Records provided:

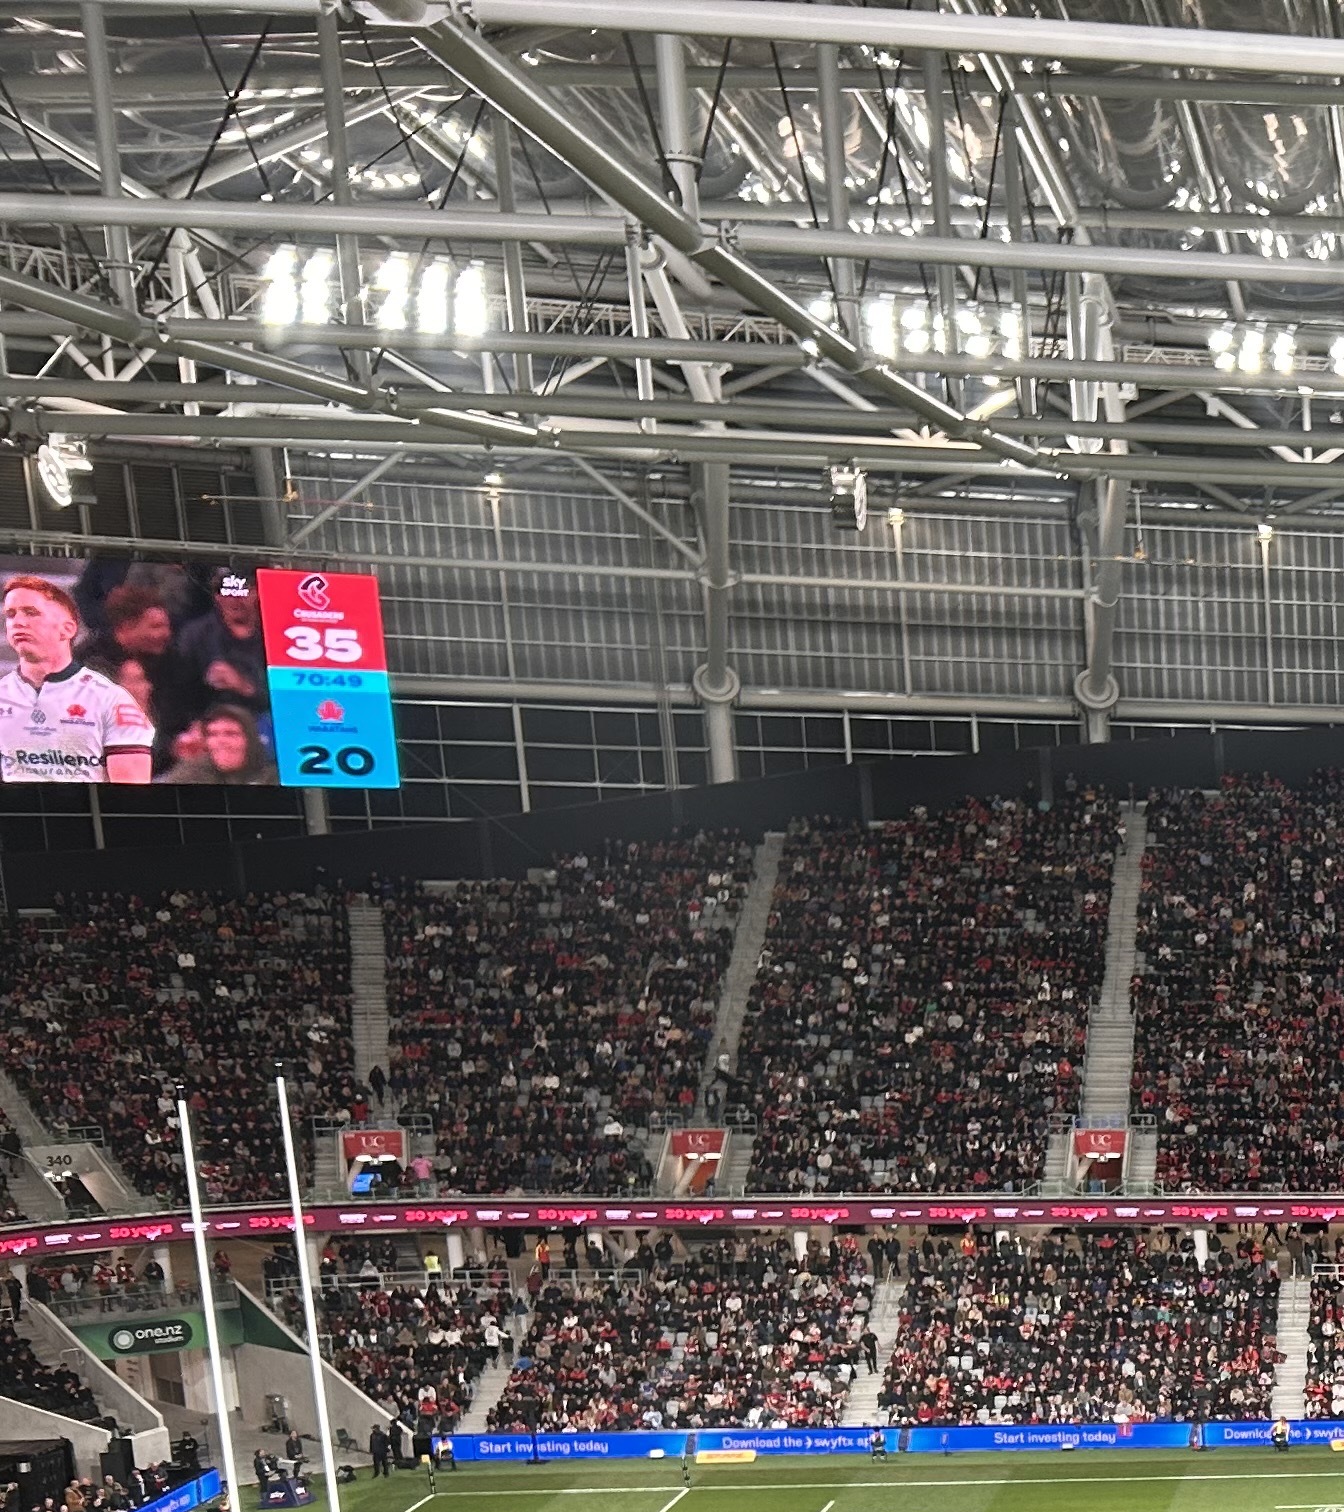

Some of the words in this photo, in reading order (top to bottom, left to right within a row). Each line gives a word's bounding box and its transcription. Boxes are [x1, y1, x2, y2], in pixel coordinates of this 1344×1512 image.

[222, 574, 247, 589] sky
[284, 626, 362, 663] 35
[292, 672, 363, 688] 70:49
[298, 745, 375, 777] 20
[361, 1136, 385, 1147] UC
[688, 1134, 710, 1146] UC
[1089, 1134, 1111, 1146] UC
[46, 1154, 72, 1166] 340
[134, 1324, 182, 1339] one.nz
[722, 1436, 782, 1449] Download
[784, 1436, 803, 1449] the
[813, 1436, 853, 1450] swyftx
[994, 1432, 1026, 1444] Start
[1028, 1432, 1080, 1446] investing
[1082, 1432, 1116, 1446] today
[480, 1441, 512, 1453] Start
[574, 1440, 609, 1455] today

What is being asked: Your answer must be an exact copy of the records, without the pictures.

Solved exercise:
Some of the words in this photo, in reading order (top to bottom, left to right within a row). Each line gives a word's bounding box and its transcription. Boxes are [x1, y1, x2, y2], in pixel coordinates of this 1344×1512 image.

[222, 574, 247, 589] sky
[284, 626, 362, 663] 35
[292, 672, 363, 688] 70:49
[298, 745, 375, 777] 20
[361, 1136, 385, 1147] UC
[688, 1134, 710, 1146] UC
[1089, 1134, 1111, 1146] UC
[46, 1154, 72, 1166] 340
[134, 1324, 182, 1339] one.nz
[722, 1436, 782, 1449] Download
[784, 1436, 803, 1449] the
[813, 1436, 853, 1450] swyftx
[994, 1432, 1026, 1444] Start
[1028, 1432, 1080, 1446] investing
[1082, 1432, 1116, 1446] today
[480, 1441, 512, 1453] Start
[574, 1440, 609, 1455] today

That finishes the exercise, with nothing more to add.